*** Opening of ENTRIES SUPPLIED ***

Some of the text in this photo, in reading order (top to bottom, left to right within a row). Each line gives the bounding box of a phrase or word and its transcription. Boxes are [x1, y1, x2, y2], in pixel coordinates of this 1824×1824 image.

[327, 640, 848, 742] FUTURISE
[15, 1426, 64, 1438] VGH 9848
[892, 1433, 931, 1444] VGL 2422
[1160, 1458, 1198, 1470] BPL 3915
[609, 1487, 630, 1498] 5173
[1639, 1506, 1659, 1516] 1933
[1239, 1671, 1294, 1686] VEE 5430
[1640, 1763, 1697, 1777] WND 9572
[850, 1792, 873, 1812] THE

*** Close of ENTRIES SUPPLIED ***

TRY IT
All records shown above need to be written out again verbatim.

SOLUTION
Some of the text in this photo, in reading order (top to bottom, left to right within a row). Each line gives the bounding box of a phrase or word and its transcription. Boxes are [x1, y1, x2, y2], in pixel coordinates of this 1824×1824 image.

[327, 640, 848, 742] FUTURISE
[15, 1426, 64, 1438] VGH 9848
[892, 1433, 931, 1444] VGL 2422
[1160, 1458, 1198, 1470] BPL 3915
[609, 1487, 630, 1498] 5173
[1639, 1506, 1659, 1516] 1933
[1239, 1671, 1294, 1686] VEE 5430
[1640, 1763, 1697, 1777] WND 9572
[850, 1792, 873, 1812] THE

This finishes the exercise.